“The fault… is not in our stars but in ourselves.”
When William Shakespeare wrote those words, he knew nothing of probability, political polling or Big Data. But that quote expresses as well as any how difficult it is for people to understand predictions. Whether it was the Cubs’ World Series chances or this year’s presidential election, most people do not appreciate two invariable limitations about forecasting the future. First, no matter the precision of the method or the expertise of the pollster, any prediction is based on information that is necessarily incomplete. Second, some underlying assumption used to make the prediction may be flawed.
On the morning of October 30, the Cubs trailed the Indians three games to one in the World Series. Most sources quoted their odds of winning the Series at 10-15%. This created a palpable resignation in the air, reflected in a steep drop-off in ticket prices for Game 5.

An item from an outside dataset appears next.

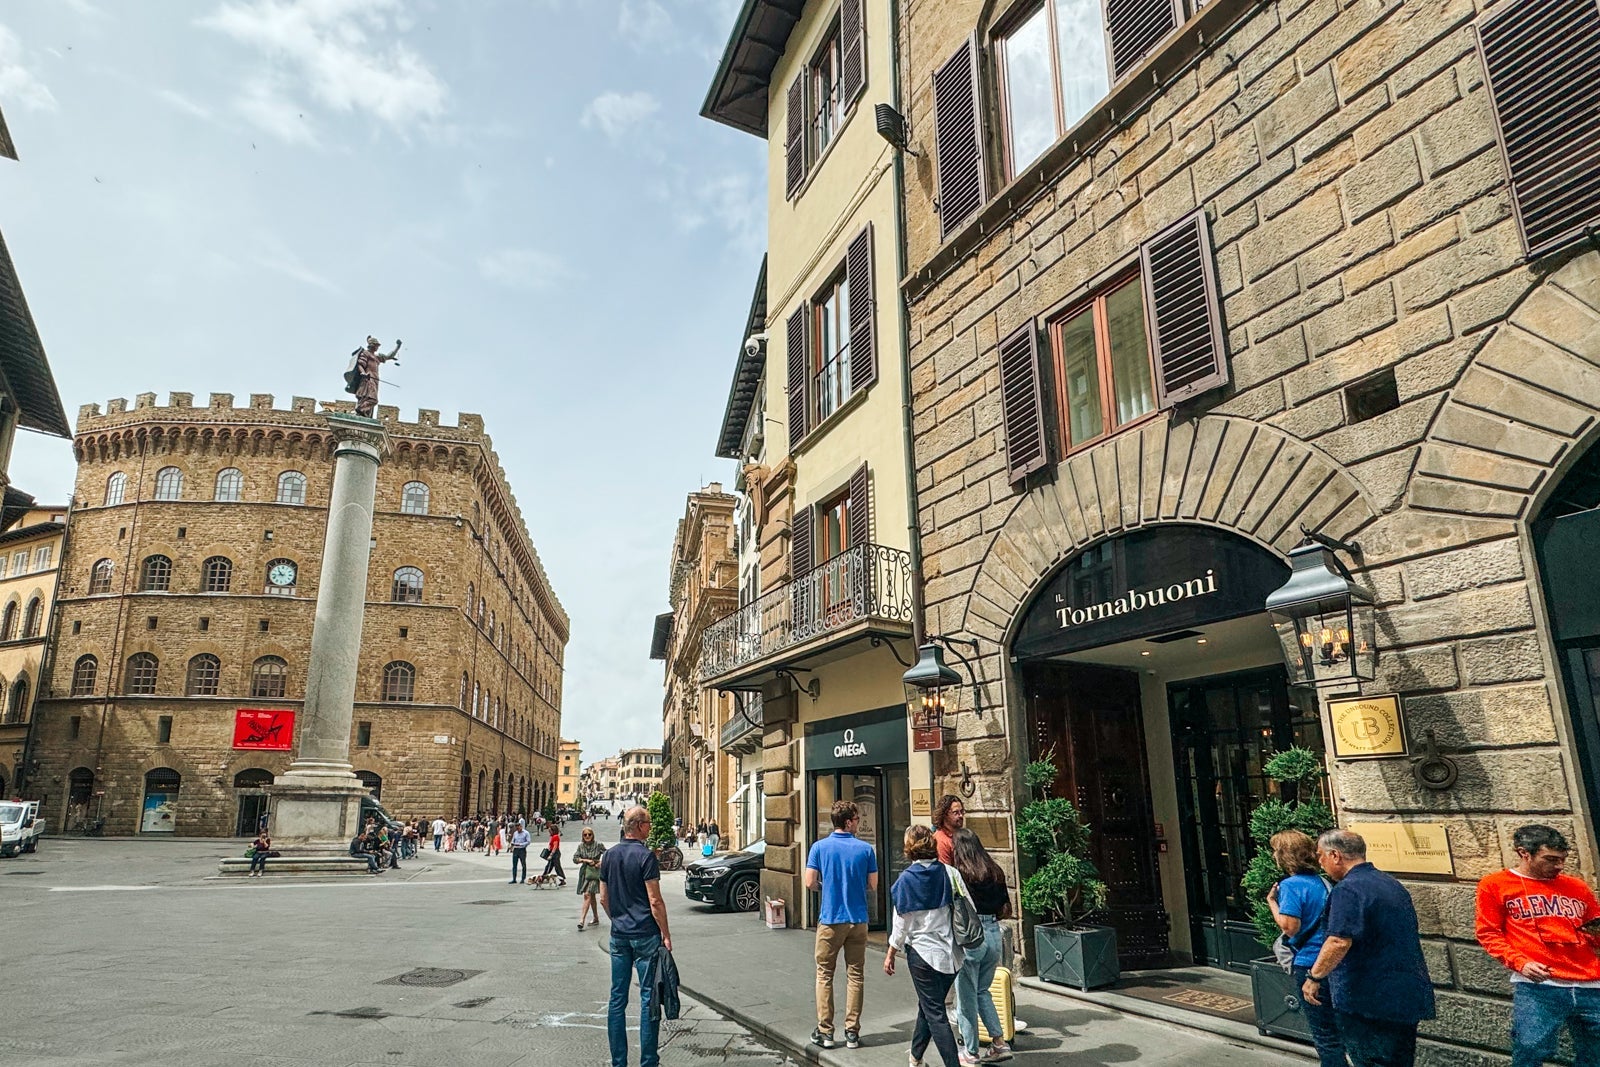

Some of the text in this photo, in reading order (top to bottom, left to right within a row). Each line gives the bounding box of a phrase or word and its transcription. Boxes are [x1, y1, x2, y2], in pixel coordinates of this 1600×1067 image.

As CNN Money reported, “Just hours before the Cleveland Indians’ second shutout at Wrigley Field (Game 4), Game 5 had been crowned the most expensive sporting event in history. Tickets averaged $6,548 — topping even the 2015 Super Bowl, according to ticket search engine TicketIQ. But with Sunday’s Game 5 no longer a series-clinching opportunity for the Cubs, prices have sunk 18 percent to $5,373. It’s now the second-most expensive game behind the Super Bowl. ‘You see emotion really driving prices,’ TicketIQ CEO Jesse Lawrence explained. ‘As people get excited, prices go up. As they get discouraged, prices go down.’”
But estimates of the Cubs chances were based on extremely limited information - specifically, the historical fact that of teams trailing three games to one, only five of forty-four eventually went on to win the World Series. In baseball, a sample size of forty-four is quite small. Experienced observers noted that for Games 5-7 the Cubs had their three best starting pitchers while the Indians had two lesser pitchers for Games 5 and 6, and in Game 7 their ace would have to pitch with three days rest for the second time in the Series. Starting pitchers are, if not the most important, certainly among the most important determinants of who wins any game, so in reality the Cubs chances were better than 15%. Not even, certainly, but not nearly that bad. The players surely realized instinctively there was reason for hope, if not optimism.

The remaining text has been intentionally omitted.